--- DATA UNDER STUDY Enclosed Below ---

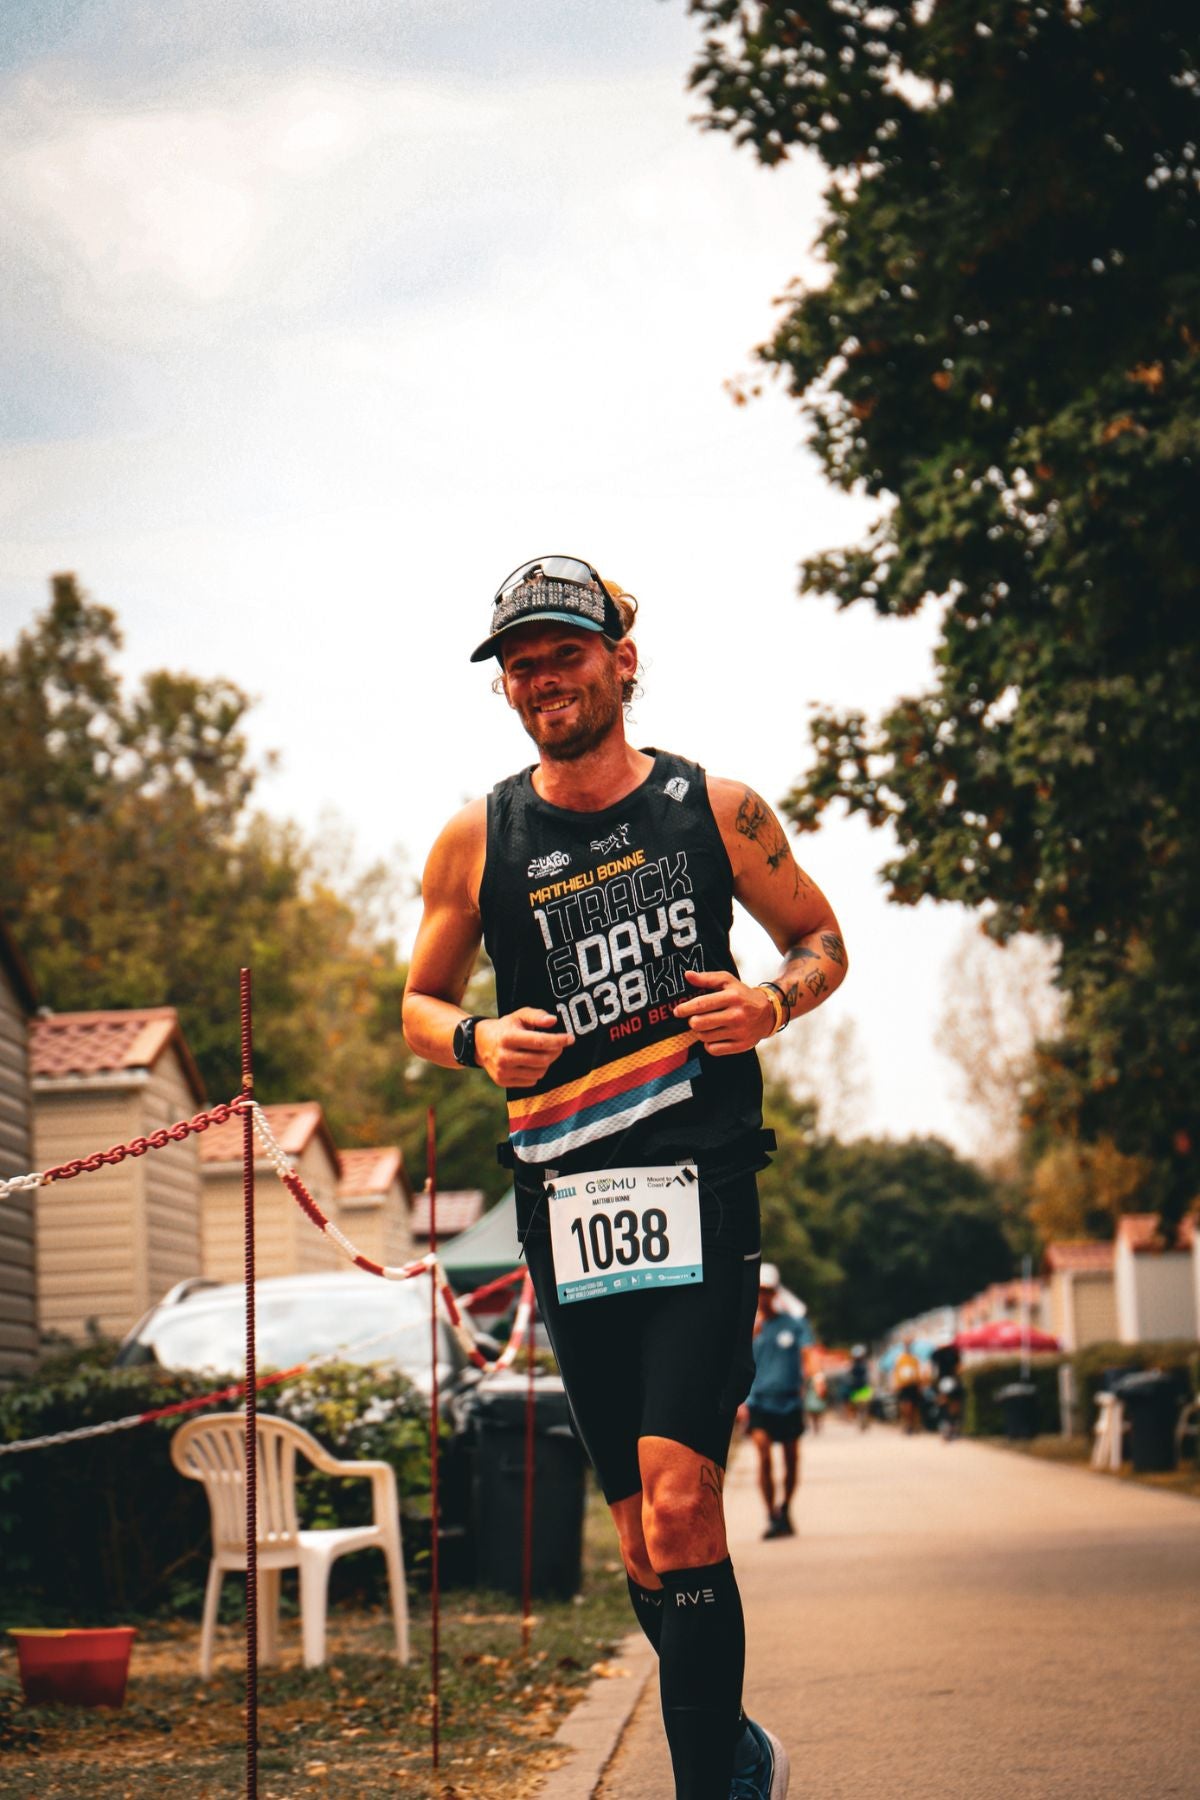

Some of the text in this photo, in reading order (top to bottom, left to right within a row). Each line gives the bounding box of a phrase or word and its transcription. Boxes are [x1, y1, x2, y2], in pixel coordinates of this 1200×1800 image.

[529, 849, 646, 907] MATTHIEU BONNE
[609, 1016, 642, 1042] AND
[585, 1177, 636, 1194] GOMU
[571, 1208, 670, 1273] 1038
[676, 1588, 715, 1607] RVE
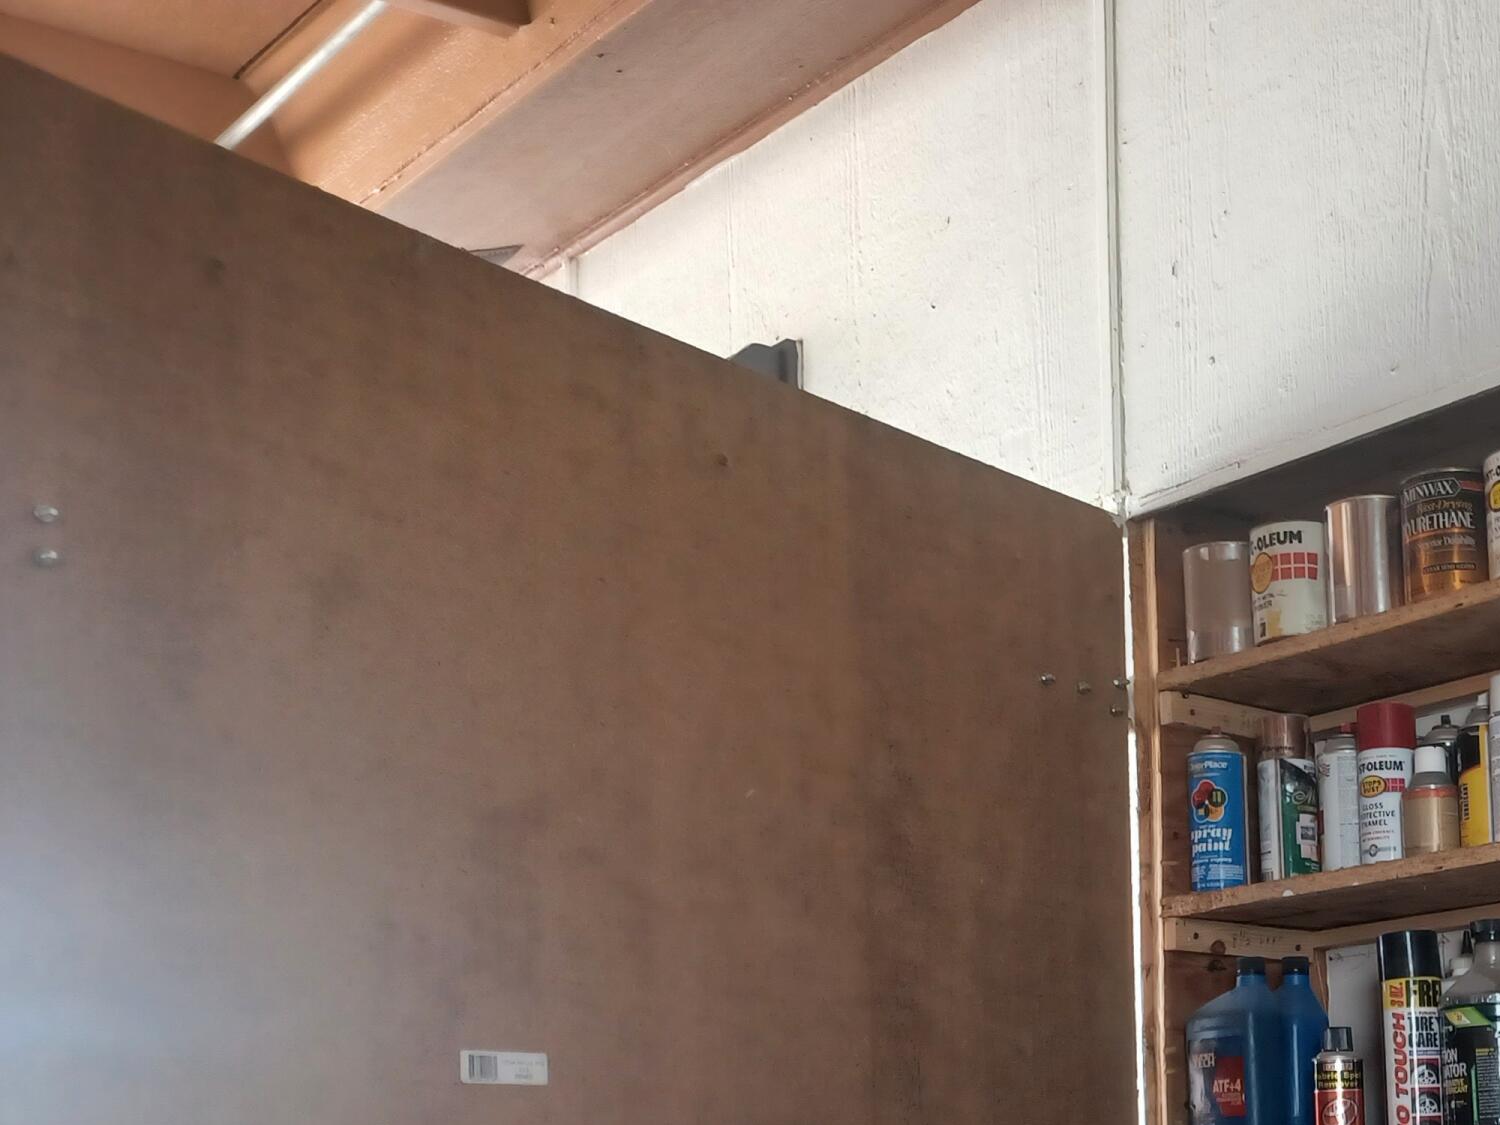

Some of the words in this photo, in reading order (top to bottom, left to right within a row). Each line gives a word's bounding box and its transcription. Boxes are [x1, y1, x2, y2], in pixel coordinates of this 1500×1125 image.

[1403, 479, 1454, 503] MINWAX
[1191, 838, 1231, 858] paint
[1407, 1015, 1435, 1032] TIRE
[1408, 1032, 1439, 1048] CARE
[1391, 1012, 1410, 1099] TOUCH
[1212, 1078, 1242, 1093] ATF+4

--- End of Enclosed DATA UNDER STUDY ---

Restate the data above verbatim, skipping every image.

SOLUTION TO THIS TASK.
Some of the text in this photo, in reading order (top to bottom, left to right within a row). Each line gives the bounding box of a phrase or word and its transcription. Boxes are [x1, y1, x2, y2], in pixel coordinates of this 1200×1800 image.

[529, 849, 646, 907] MATTHIEU BONNE
[609, 1016, 642, 1042] AND
[585, 1177, 636, 1194] GOMU
[571, 1208, 670, 1273] 1038
[676, 1588, 715, 1607] RVE

Some of the words in this photo, in reading order (top to bottom, left to right within a row). Each line gives a word's bounding box and its transcription. Boxes are [x1, y1, x2, y2], in pixel coordinates of this 1500×1125 image.

[1403, 479, 1454, 503] MINWAX
[1191, 838, 1231, 858] paint
[1407, 1015, 1435, 1032] TIRE
[1408, 1032, 1439, 1048] CARE
[1391, 1012, 1410, 1099] TOUCH
[1212, 1078, 1242, 1093] ATF+4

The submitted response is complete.